Gary tries, but then you'd expect him to. He watches the same footage over and over again, silently mouthing ideas and analyses, but he works alone. Jamie almost misses the 4am texts he'd get about _Borthwick-Jackson vs. Shaw?_ and the way he'd be banging on the door demanding that someone pull up stats on how many miles every Bournemouth player has run.

Now he only brings his ideas on the designated Sunday and offers them up like maths class and he's not sure of the answers. Not being a great manager doesn't make your punditry worth any less, Jamie wants to say, but he knows it won't matter. Now when John says he can't get the clips in the order Gary wants it, Gary looks down at the pen in his hand and says, "all right." Jamie swallows and has to look away.

That Monday night, just as Jamie's starting the engine, there's a knock on the door. He glances out of the window and wordlessly opens the passenger side, allowing Gary to slip in.

They sit like that, silent, for a few minutes. Gary says, "What's the point?"

Almost at the same time, Jamie extends his arm and Gary leans into his chest, rising and falling with each breath. "What's the point?" he says again, and Jamie curls his arm over his shoulder protectively, two of them against the world.

"Manchester United," Jamie says, as if that's an answer. Gary laughs.

"I wish." He stops laughing and swallows, his voice cracks. "God, Carra, everything's so cold."

Jamie pulls him closer. "You're a fighter, Gaz," he says, gravelly and rough. "You'll come back. That's what you bastards were always good at, weren't you? Coming back."

Gary whispers, "not always."

Jamie looks at the boy in his arms and suddenly feels older than he should. He finds his hand and squeezes it, trying to put everything into that touch, belief and hope and the knowledge that he, Gary Neville, will always, always, always.

"Ask me that question again."

Gary clings on to his hand. "What's the point?"

"You." Jamie feels his weight on his heart. "You are."

 

[05.]

 

Jamie doesn't know why this is important, but -

He remembers this one thing, nearly two months after Gary comes back, when suddenly his phone buzzes.
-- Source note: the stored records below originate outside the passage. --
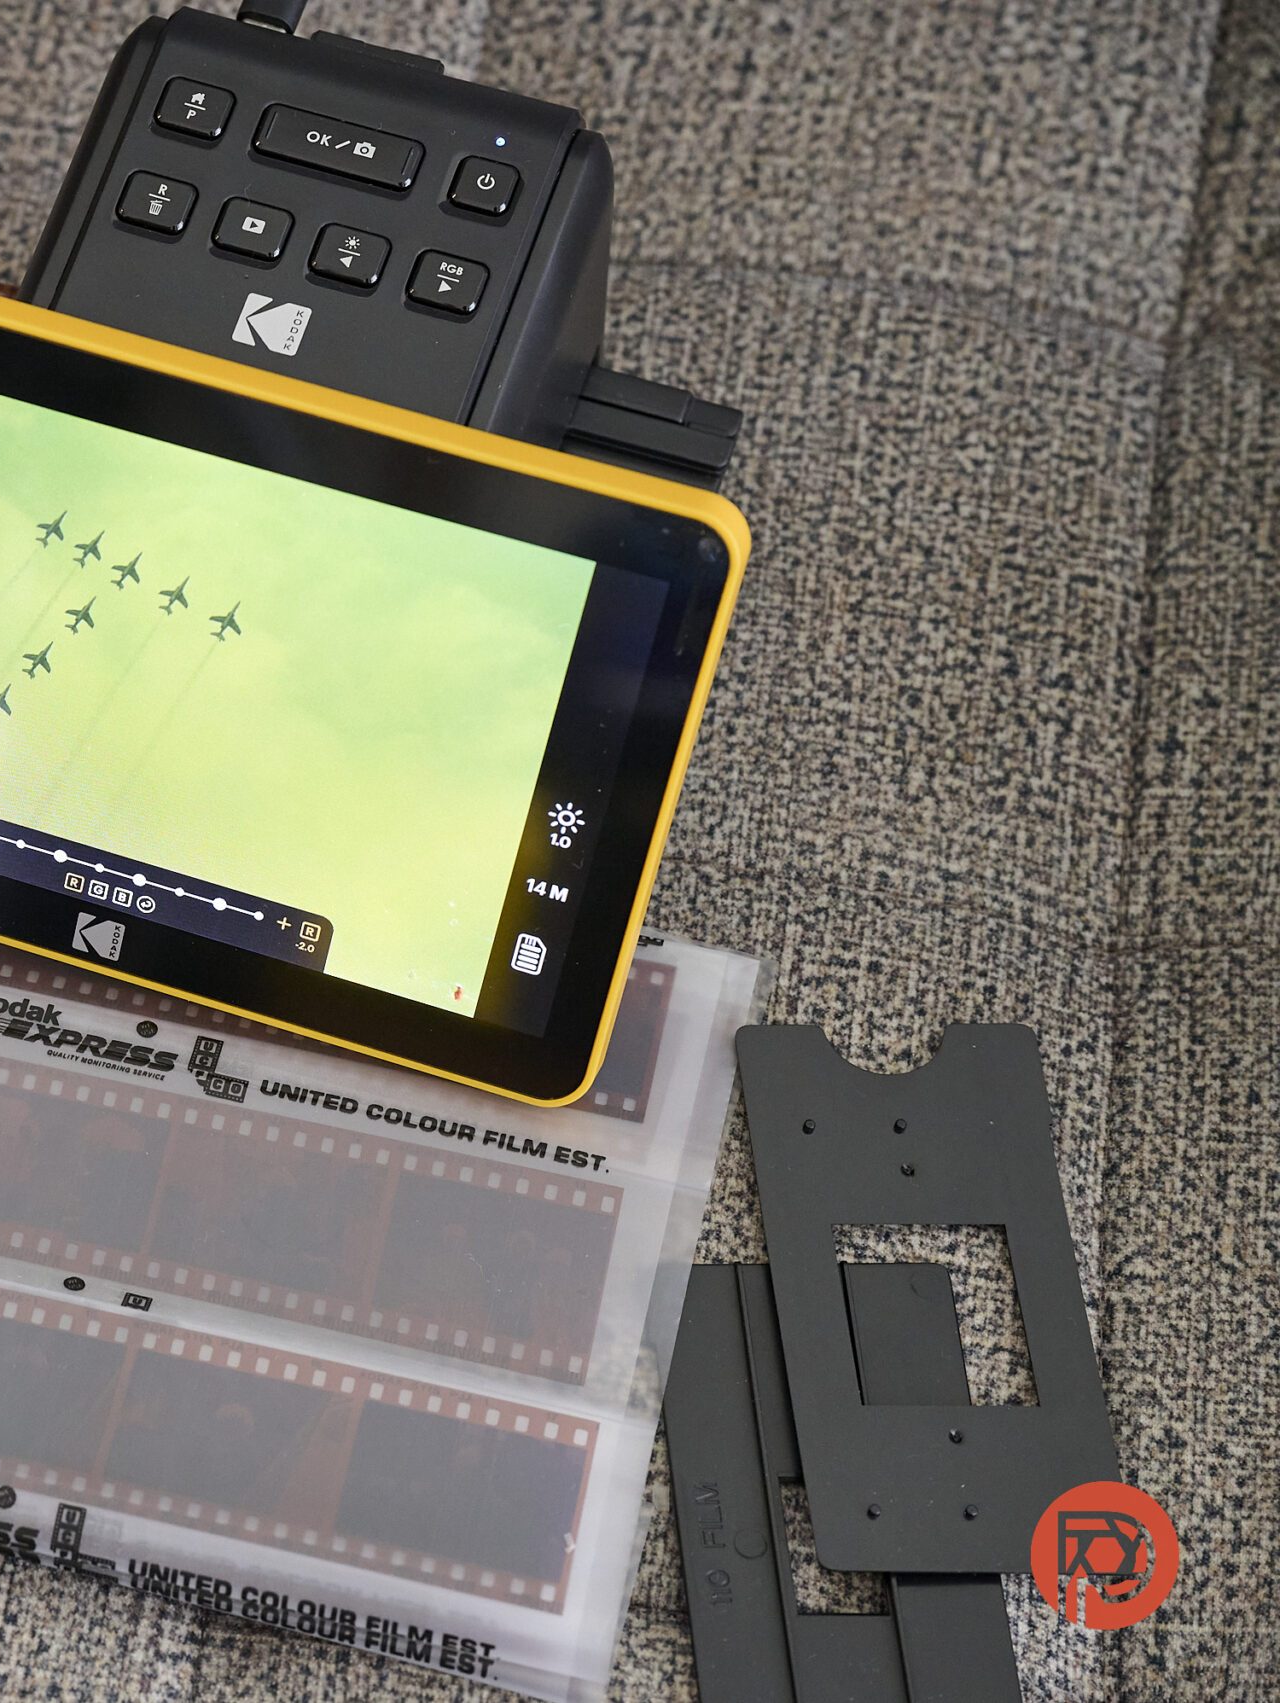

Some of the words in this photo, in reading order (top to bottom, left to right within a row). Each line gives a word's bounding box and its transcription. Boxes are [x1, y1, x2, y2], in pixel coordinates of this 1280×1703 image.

[185, 109, 198, 120] P
[157, 184, 168, 195] R
[439, 261, 464, 277] RGB
[283, 309, 305, 352] KODAK
[549, 832, 571, 849] 1.0
[526, 878, 547, 897] 14
[549, 885, 569, 903] M
[108, 924, 122, 959] KODAK
[0, 1021, 180, 1072] EXPRESS
[46, 1048, 80, 1063] QUALITY
[80, 1055, 131, 1075] MONITORING
[132, 1067, 166, 1081] SERVICE
[259, 1079, 359, 1115] UNITED
[366, 1102, 476, 1142] COLOUR
[482, 1130, 548, 1160] FILM
[553, 1145, 610, 1174] EST.
[694, 1481, 726, 1548] FILM
[128, 1559, 232, 1599] UNITED
[240, 1586, 357, 1626] COLOUR
[365, 1616, 434, 1645] FILM
It's probably someone telling him how delicious the picture of the cup of coffee he just posted on twitter looks. He slides it out of his pocket and checks the notification bar.

 

Gary Neville @GNev2  
enjoy that cup - only one you'll be holding this season!

 

He starts, looks over at Gary, sat on the other side of the studio. Gary's leaning back in his chair, twirling the pen in his hand. He catches Jamie's eye and the corner of his lip quivers, quirks, a smile so miniscule no one else could have seen it.
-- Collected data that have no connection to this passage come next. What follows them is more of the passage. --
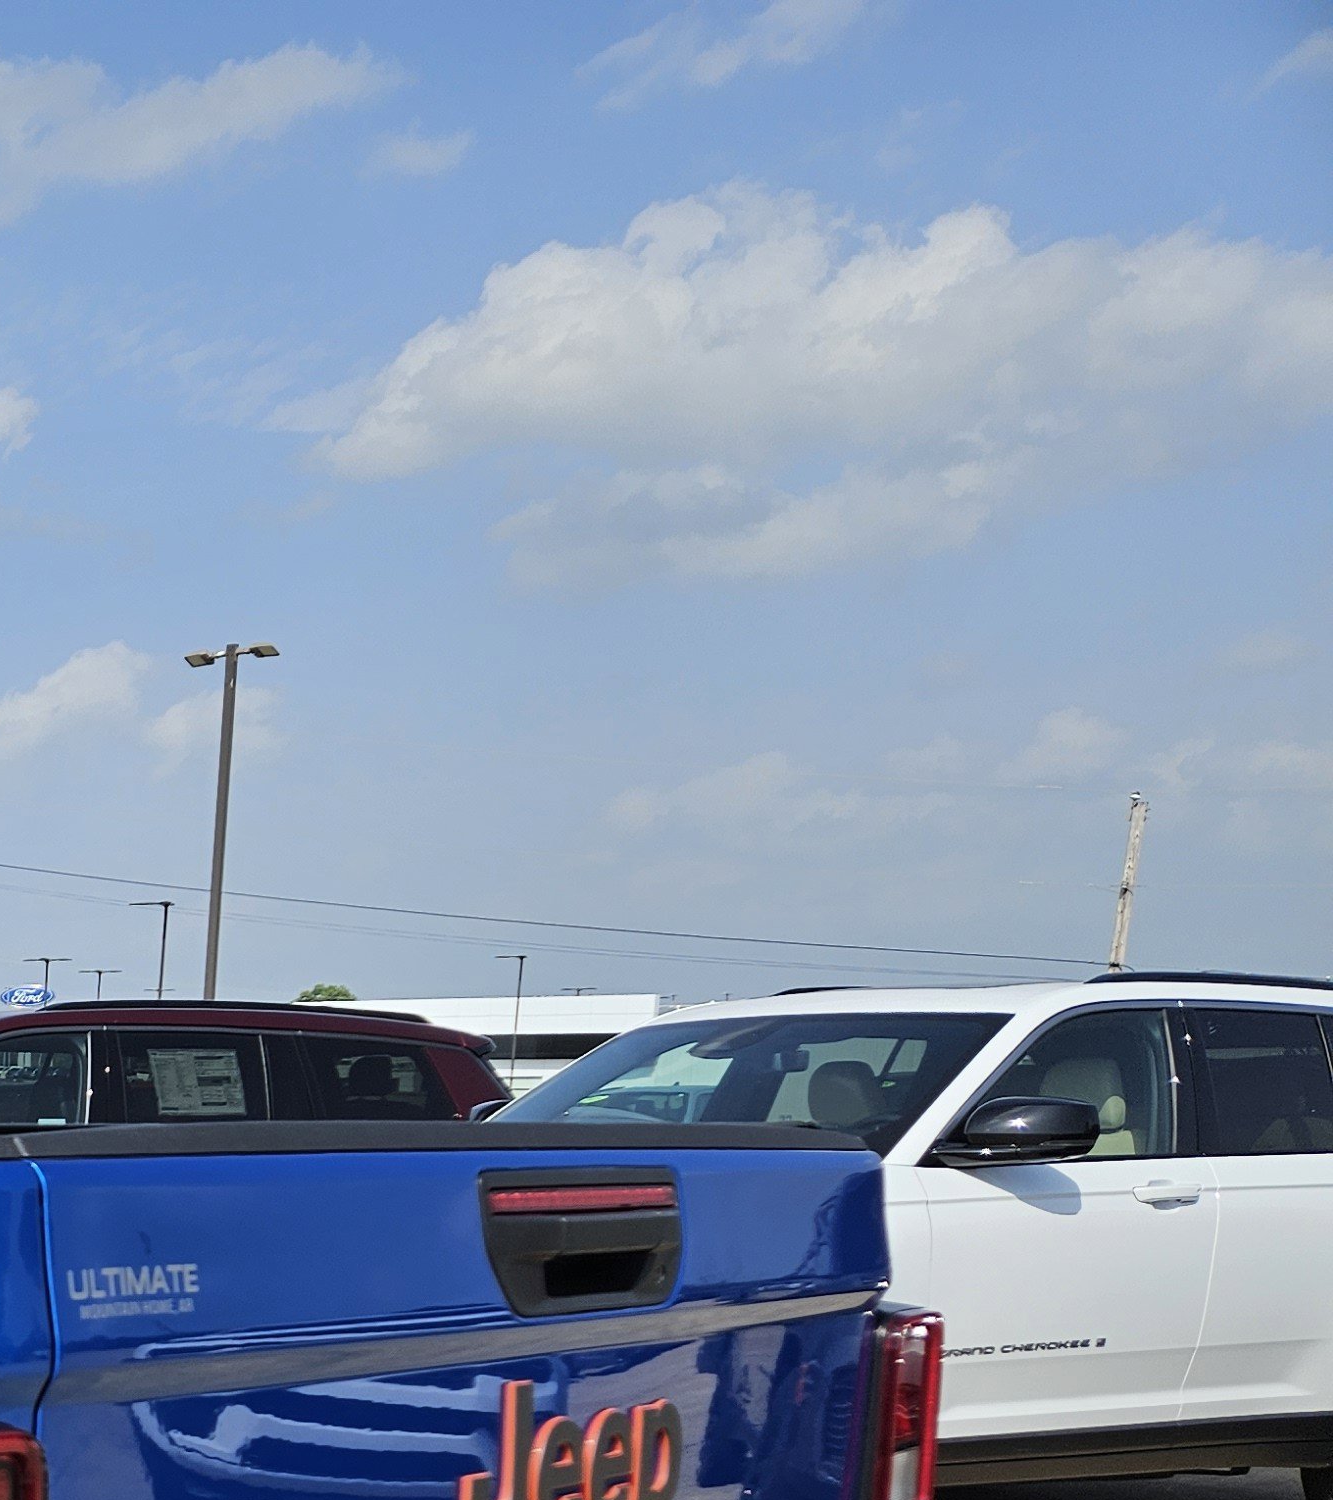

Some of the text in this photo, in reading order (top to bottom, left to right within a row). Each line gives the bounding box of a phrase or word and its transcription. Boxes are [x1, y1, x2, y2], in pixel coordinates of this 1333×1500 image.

[10, 988, 46, 1003] Ford
[66, 1263, 200, 1300] ULTIMATE
[1000, 1338, 1092, 1353] CHEROKEE
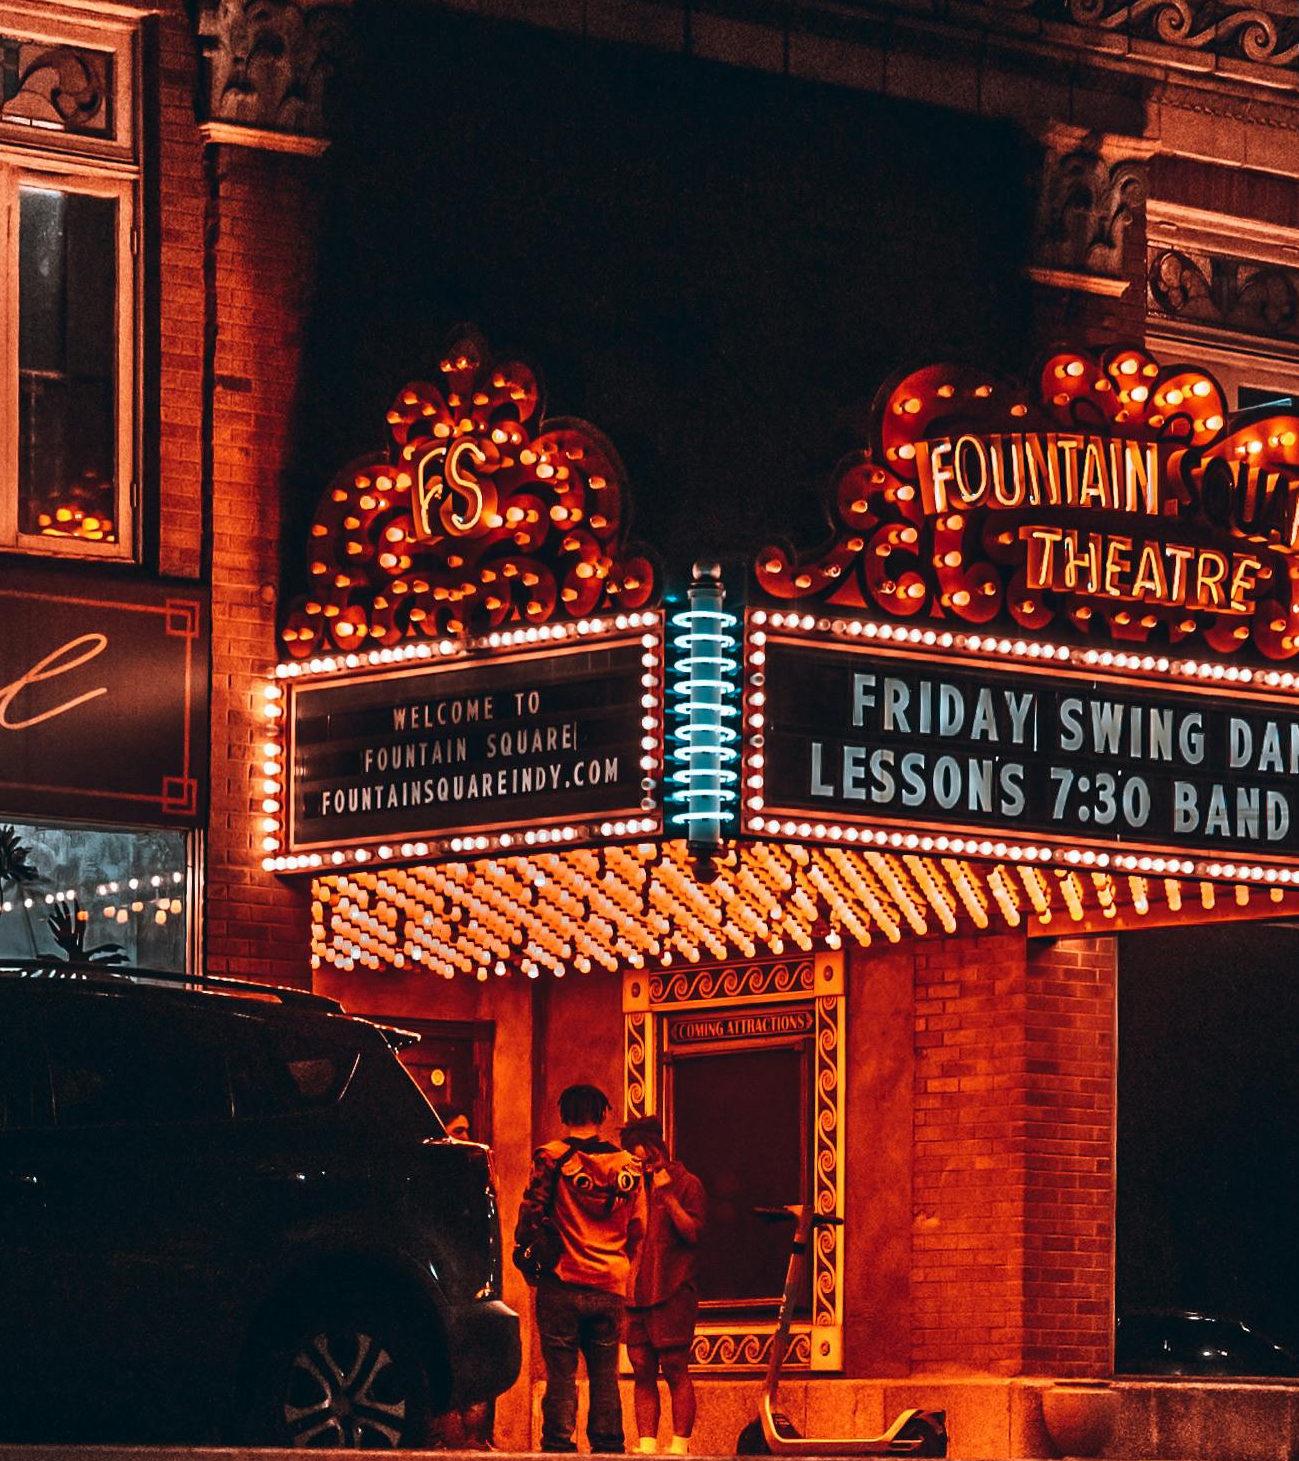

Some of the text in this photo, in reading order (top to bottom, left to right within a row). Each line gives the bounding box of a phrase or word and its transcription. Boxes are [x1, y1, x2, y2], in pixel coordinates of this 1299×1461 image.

[410, 437, 499, 544] FS
[915, 432, 1160, 516] FOUNTAIN
[1019, 525, 1261, 615] THEATRE
[364, 723, 572, 774] FOUNTAIN SQUARE
[393, 690, 541, 731] WELCOME TO
[852, 673, 1034, 745] FRIDAY
[1060, 698, 1205, 766] SWING
[322, 757, 619, 816] FOUNTAINSQUAREINDY.COM
[810, 742, 1026, 818] LESSONS
[1051, 766, 1151, 828] 7:30
[1174, 780, 1290, 841] BAND
[679, 1012, 805, 1039] COMING ATTRACTIONS
Jamie doesn't know why this is important, but he thinks, for some reason, of the wooden bench in the car park. Empty and old but facing the cars with shoulders straight. It's cloaked in northern rain and dappled silver, as if the moon has slipped inside.  

  
  
  
  


**Author's Note:**

> For Gary:
>
>> When the world perishes,  
> and all things cease to exist,  
> you’ll remain inside an ink stain,  
> a paint brush,  
> a song.  
> — Alaska Gold


End file.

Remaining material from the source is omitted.